_Description of the task_
Repeat the records below verbatim, and do not copy their pictures.

_Records supplied_
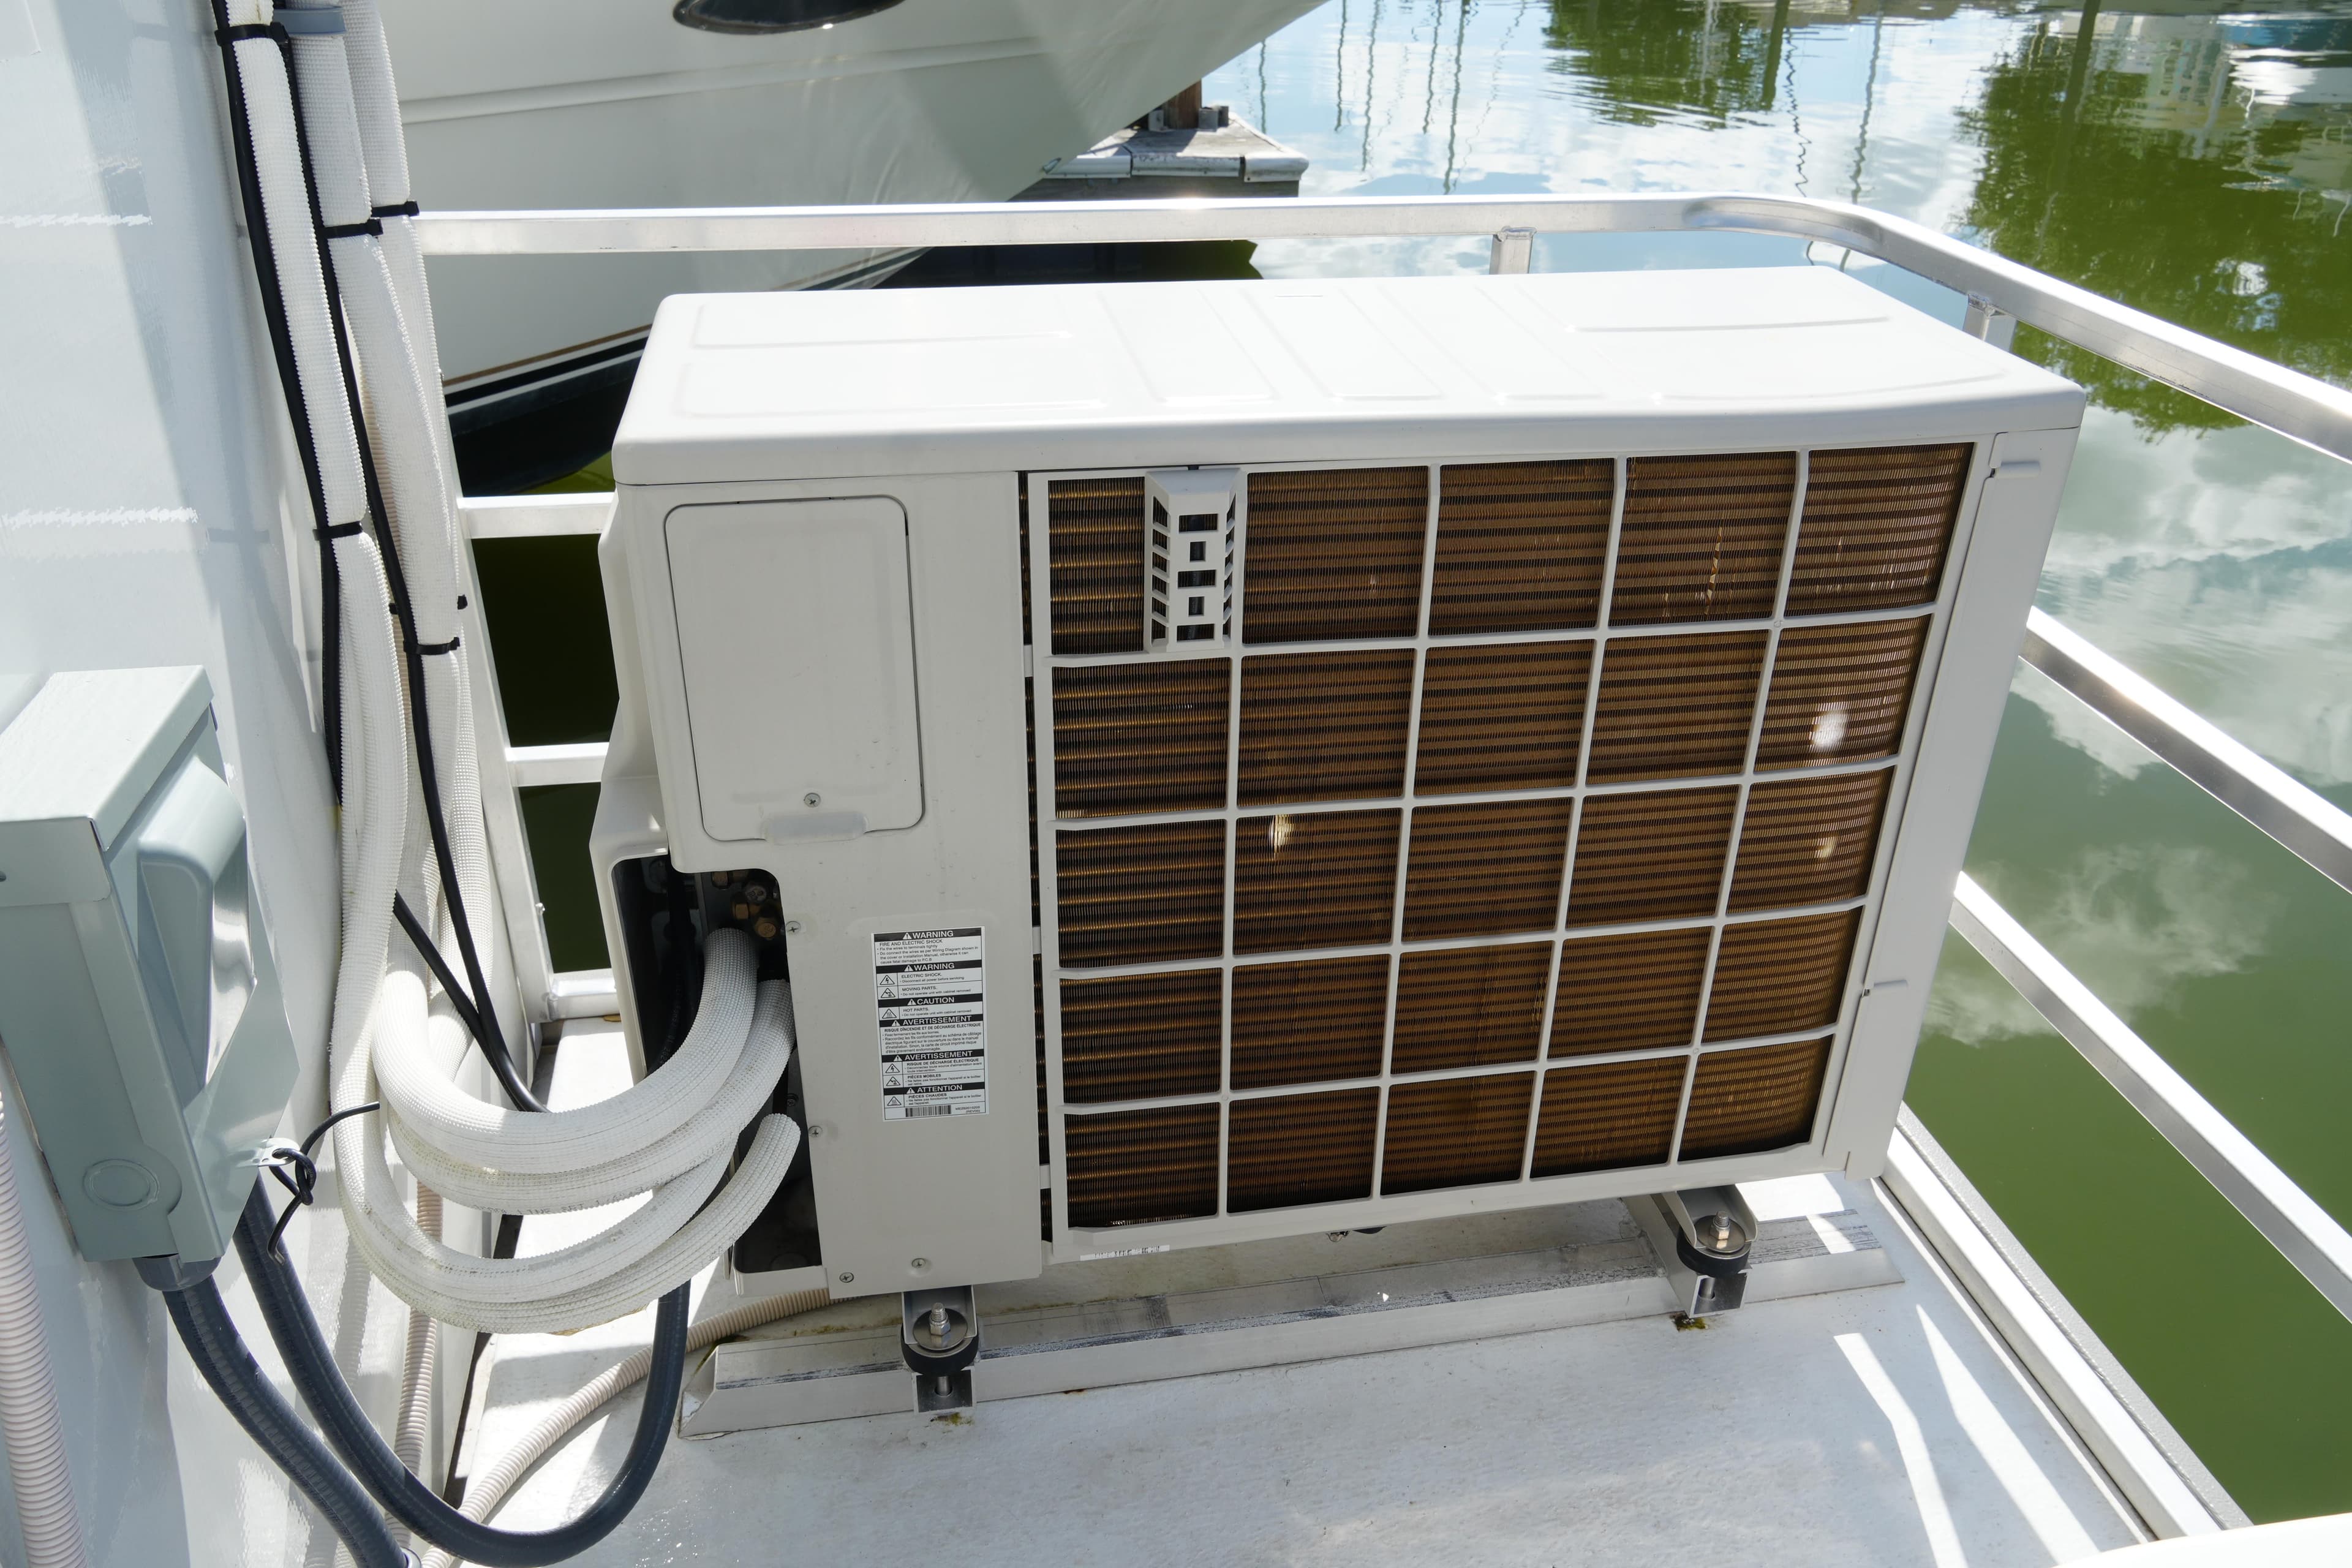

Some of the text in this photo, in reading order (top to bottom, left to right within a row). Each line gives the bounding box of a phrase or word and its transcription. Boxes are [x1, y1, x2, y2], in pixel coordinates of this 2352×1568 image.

[912, 930, 954, 939] WARNING
[917, 997, 954, 1005] CAUTION
[903, 1016, 972, 1026] AVERTISSEMENT
[905, 1050, 973, 1061] AVERTISSEMENT
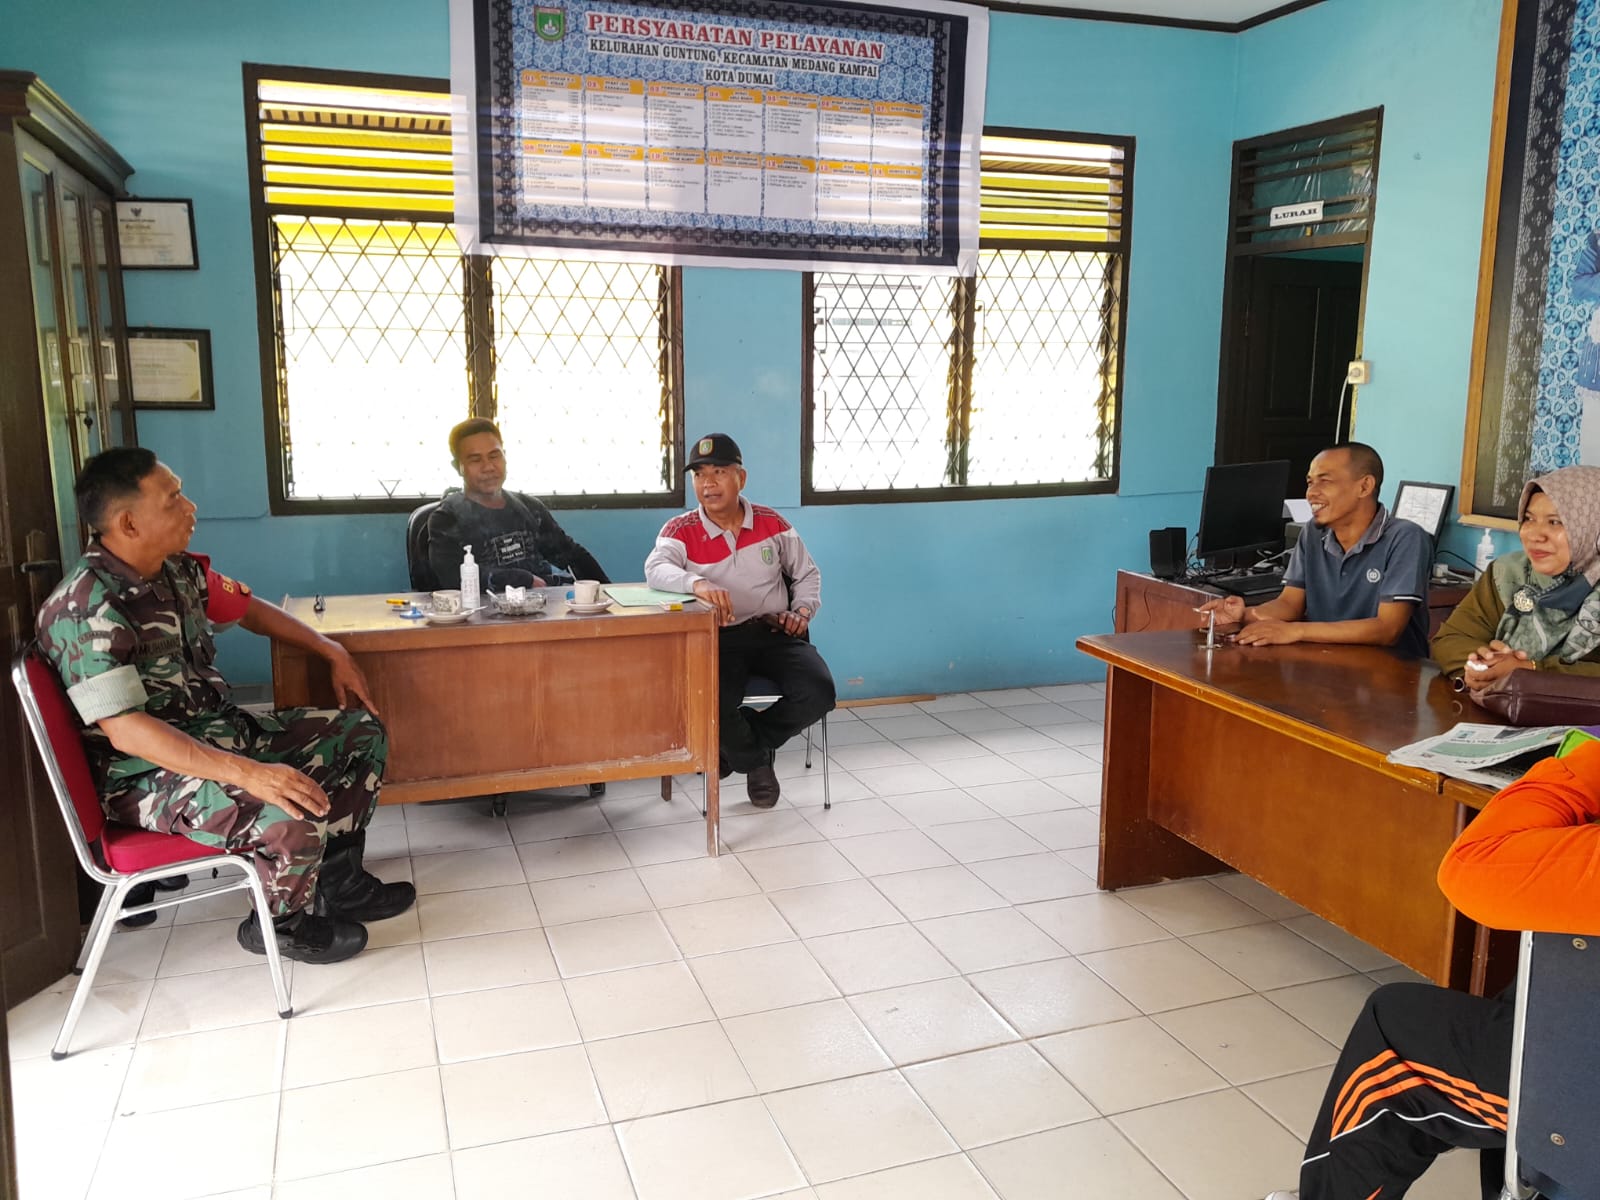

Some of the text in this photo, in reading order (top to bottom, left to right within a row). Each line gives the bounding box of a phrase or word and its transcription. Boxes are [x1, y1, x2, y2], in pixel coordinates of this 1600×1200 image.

[587, 13, 883, 59] PERSYARATAN PELAYANAN
[590, 39, 877, 77] KELURAHAN GUNTUNG, KECAMATAN MEDANG KAMPAI
[705, 69, 773, 85] KOTA DUMAI
[1274, 208, 1317, 220] LURAH
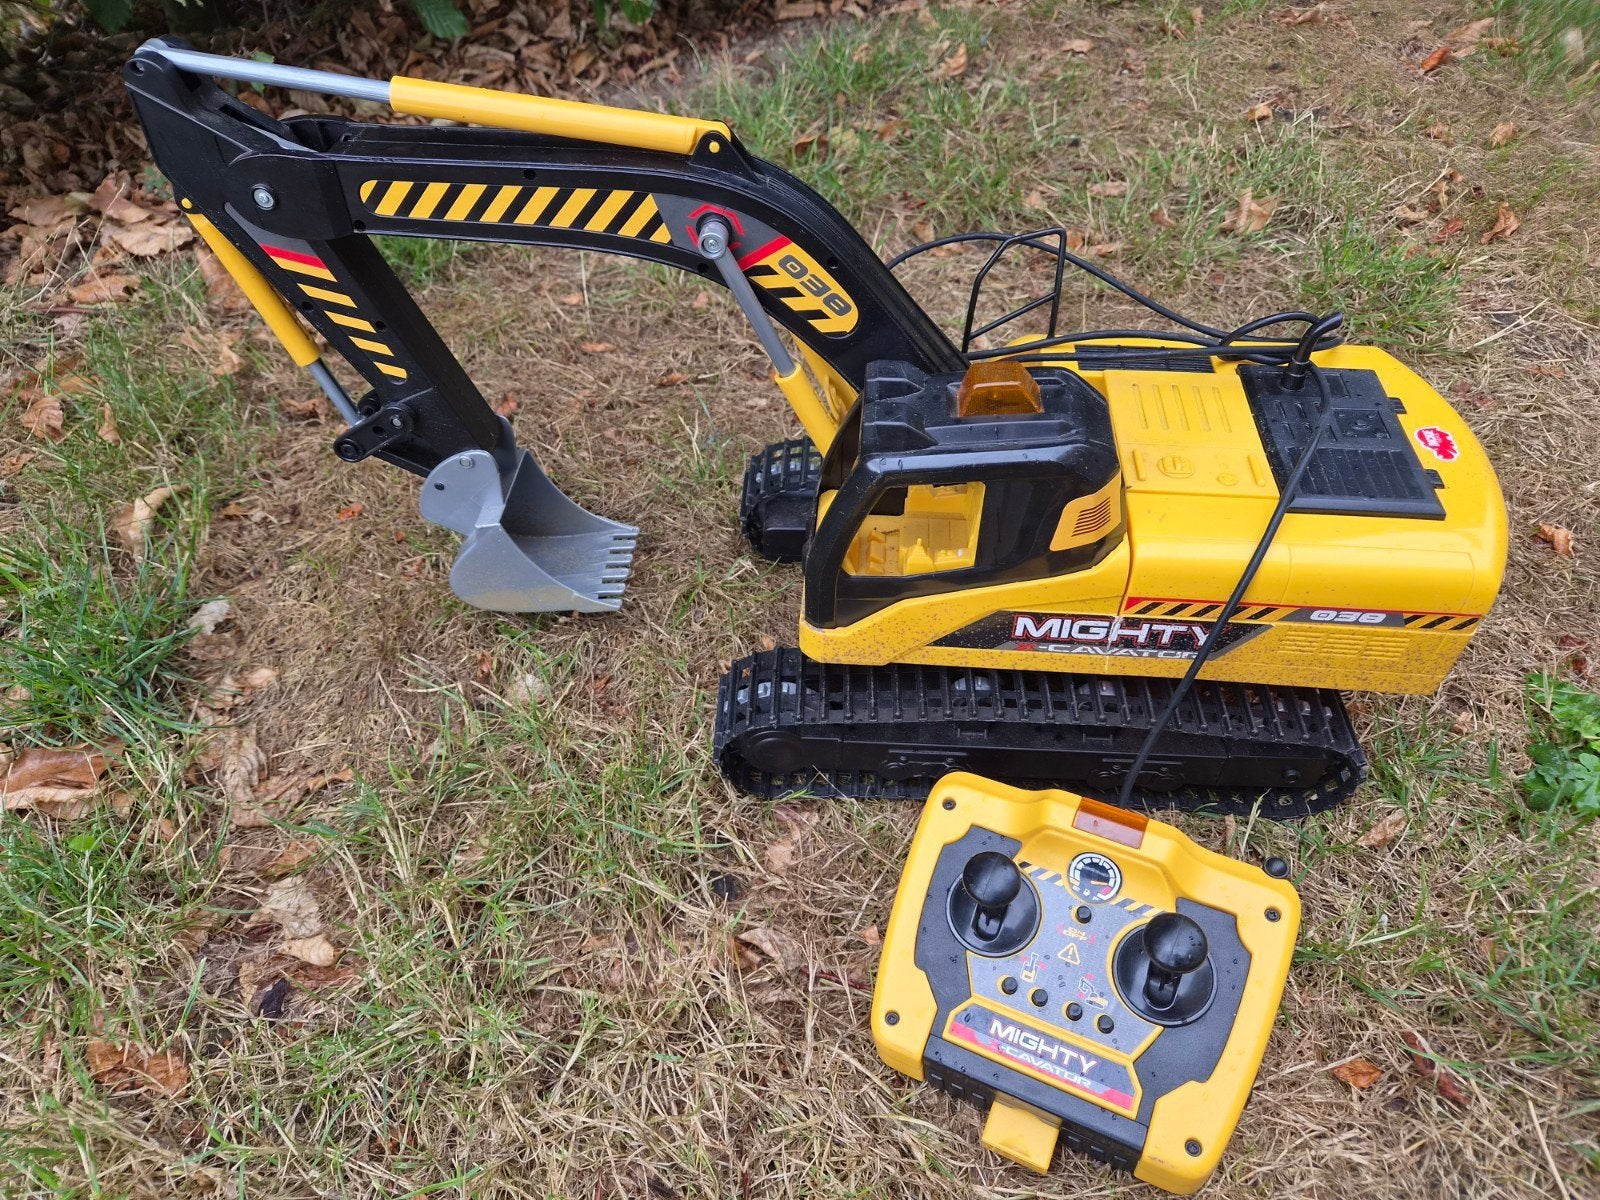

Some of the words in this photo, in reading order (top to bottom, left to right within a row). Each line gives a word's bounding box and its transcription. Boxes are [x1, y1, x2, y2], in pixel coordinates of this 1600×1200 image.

[778, 254, 852, 317] 038
[1012, 615, 1211, 649] MIGHTY
[1310, 608, 1387, 624] 038
[990, 1018, 1098, 1074] MIGHTY

_Exercise answer_
Some of the text in this photo, in reading order (top to bottom, left to right within a row). Each line gives the bounding box of a phrase or word and its transcription. Boxes are [x1, y1, x2, y2], in pixel coordinates of this 2352×1568 image.

[912, 930, 954, 939] WARNING
[917, 997, 954, 1005] CAUTION
[903, 1016, 972, 1026] AVERTISSEMENT
[905, 1050, 973, 1061] AVERTISSEMENT

Some of the text in this photo, in reading order (top to bottom, left to right within a row). Each line gives the bounding box of a phrase or word and its transcription. Boxes are [x1, y1, x2, y2], in pixel coordinates of this 1600×1200 image.

[587, 13, 883, 59] PERSYARATAN PELAYANAN
[590, 39, 877, 77] KELURAHAN GUNTUNG, KECAMATAN MEDANG KAMPAI
[705, 69, 773, 85] KOTA DUMAI
[1274, 208, 1317, 220] LURAH

Some of the words in this photo, in reading order (top to bottom, left to right within a row). Each line gives a word's bounding box and its transcription. Boxes are [x1, y1, x2, y2], in pixel coordinates of this 1600×1200 image.

[778, 254, 852, 317] 038
[1012, 615, 1211, 649] MIGHTY
[1310, 608, 1387, 624] 038
[990, 1018, 1098, 1074] MIGHTY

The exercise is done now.